WHAT YOU SHOULD DO – Here are the records. Write out exactly the lines between the one holding "this 1600×1066 image." and the one holding "this 1428×1904 image.", inclusive.

··· DATA SUPPLIED ···

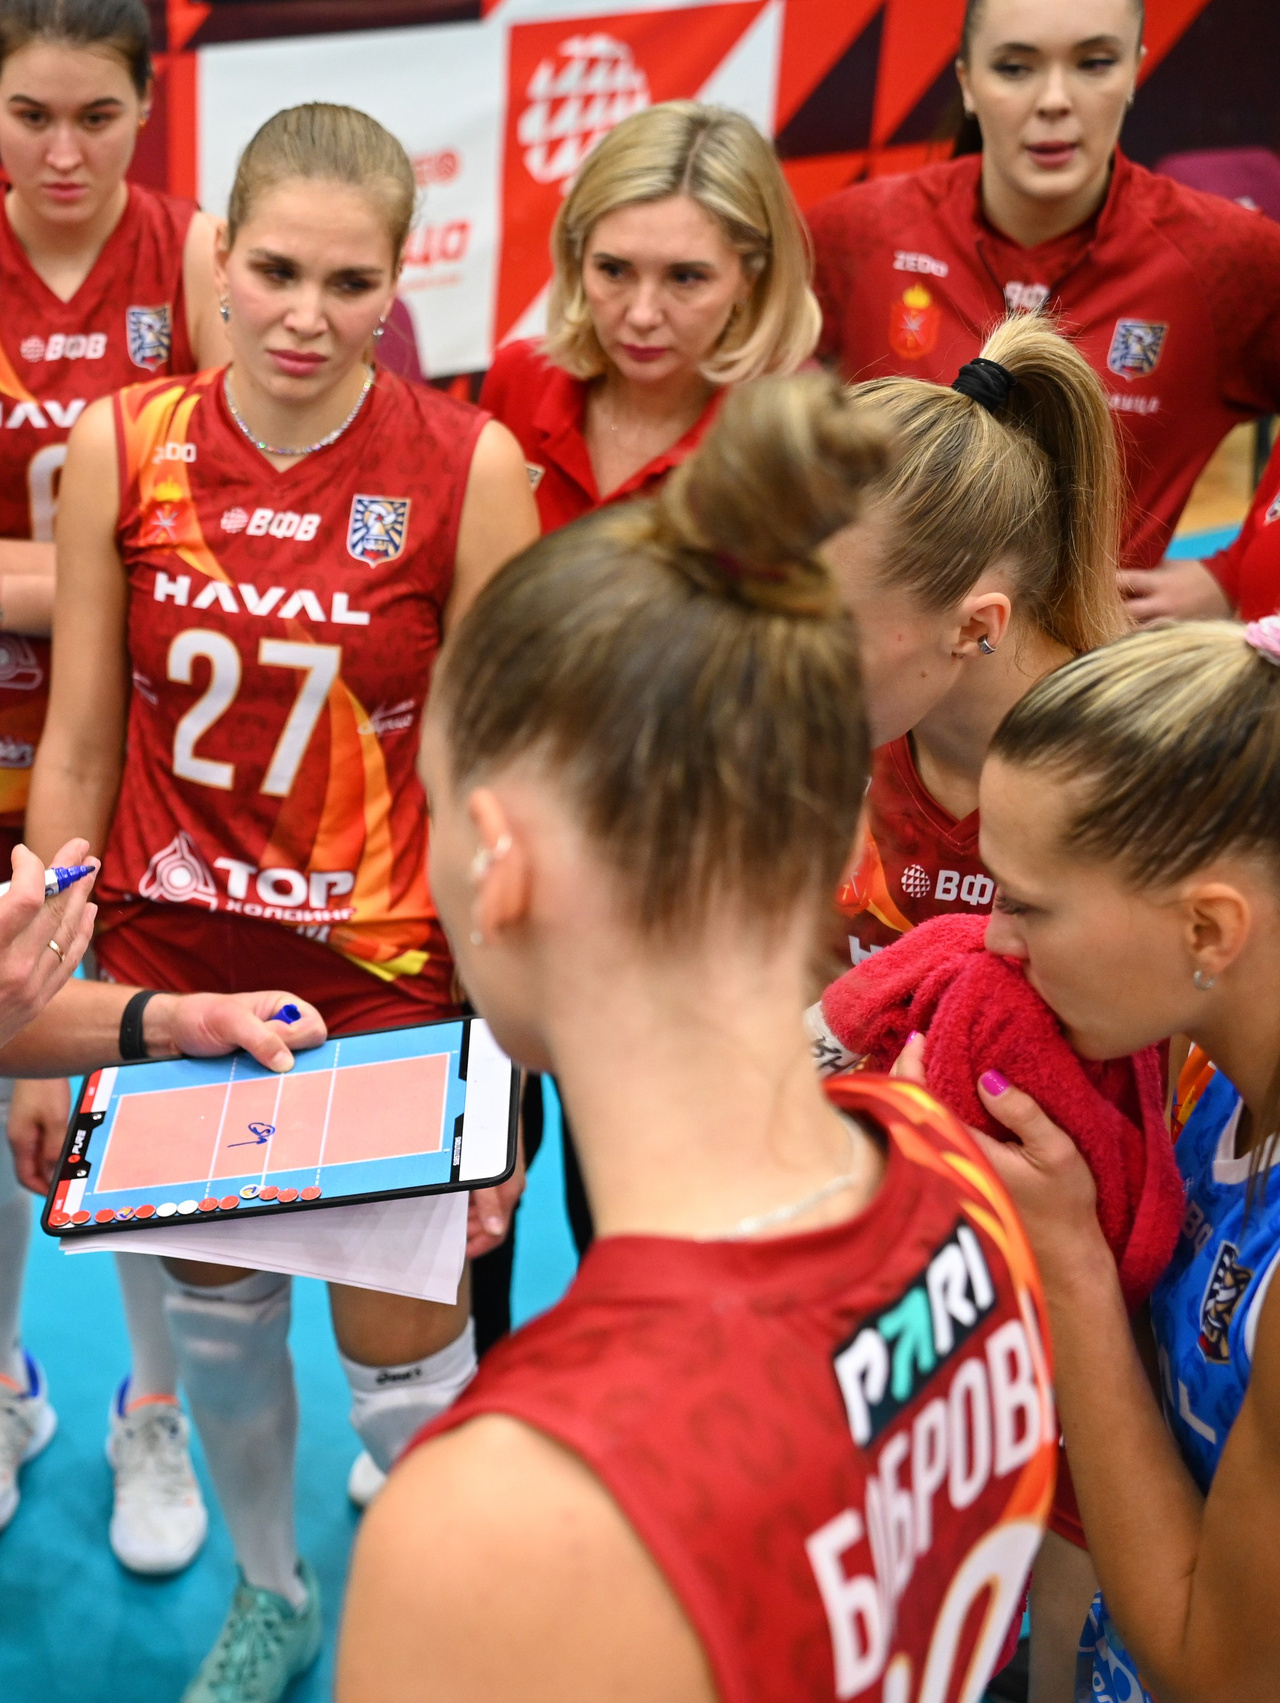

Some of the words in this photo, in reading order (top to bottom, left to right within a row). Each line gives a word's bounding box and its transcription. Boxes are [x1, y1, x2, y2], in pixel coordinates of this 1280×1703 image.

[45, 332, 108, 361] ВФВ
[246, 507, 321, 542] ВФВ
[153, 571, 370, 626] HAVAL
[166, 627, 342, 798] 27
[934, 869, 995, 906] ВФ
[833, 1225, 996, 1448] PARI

···
··· DATA SUPPLIED ···

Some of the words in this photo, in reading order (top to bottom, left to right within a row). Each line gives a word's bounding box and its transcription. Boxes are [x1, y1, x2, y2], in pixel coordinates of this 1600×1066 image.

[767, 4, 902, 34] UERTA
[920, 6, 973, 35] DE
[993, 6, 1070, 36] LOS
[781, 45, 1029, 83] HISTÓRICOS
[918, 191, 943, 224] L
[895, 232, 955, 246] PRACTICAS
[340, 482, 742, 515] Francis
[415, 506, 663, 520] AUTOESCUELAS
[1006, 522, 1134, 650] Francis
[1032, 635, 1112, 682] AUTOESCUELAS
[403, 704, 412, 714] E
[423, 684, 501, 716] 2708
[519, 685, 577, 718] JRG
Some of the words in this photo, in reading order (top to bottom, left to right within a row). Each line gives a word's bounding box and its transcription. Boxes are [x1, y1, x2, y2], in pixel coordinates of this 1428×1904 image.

···
··· DATA SUPPLIED ···

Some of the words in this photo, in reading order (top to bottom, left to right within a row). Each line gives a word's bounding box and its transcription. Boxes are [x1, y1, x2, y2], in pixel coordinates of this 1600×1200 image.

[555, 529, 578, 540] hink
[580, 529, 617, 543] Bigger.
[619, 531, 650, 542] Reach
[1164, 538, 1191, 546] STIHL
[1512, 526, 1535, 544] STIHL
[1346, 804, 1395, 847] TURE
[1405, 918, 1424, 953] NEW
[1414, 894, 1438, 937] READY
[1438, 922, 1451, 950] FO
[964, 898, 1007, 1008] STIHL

···

OUTPUT OF THE TASK –
Some of the words in this photo, in reading order (top to bottom, left to right within a row). Each line gives a word's bounding box and its transcription. Boxes are [x1, y1, x2, y2], in pixel coordinates of this 1600×1066 image.

[767, 4, 902, 34] UERTA
[920, 6, 973, 35] DE
[993, 6, 1070, 36] LOS
[781, 45, 1029, 83] HISTÓRICOS
[918, 191, 943, 224] L
[895, 232, 955, 246] PRACTICAS
[340, 482, 742, 515] Francis
[415, 506, 663, 520] AUTOESCUELAS
[1006, 522, 1134, 650] Francis
[1032, 635, 1112, 682] AUTOESCUELAS
[403, 704, 412, 714] E
[423, 684, 501, 716] 2708
[519, 685, 577, 718] JRG
Some of the words in this photo, in reading order (top to bottom, left to right within a row). Each line gives a word's bounding box and its transcription. Boxes are [x1, y1, x2, y2], in pixel coordinates of this 1428×1904 image.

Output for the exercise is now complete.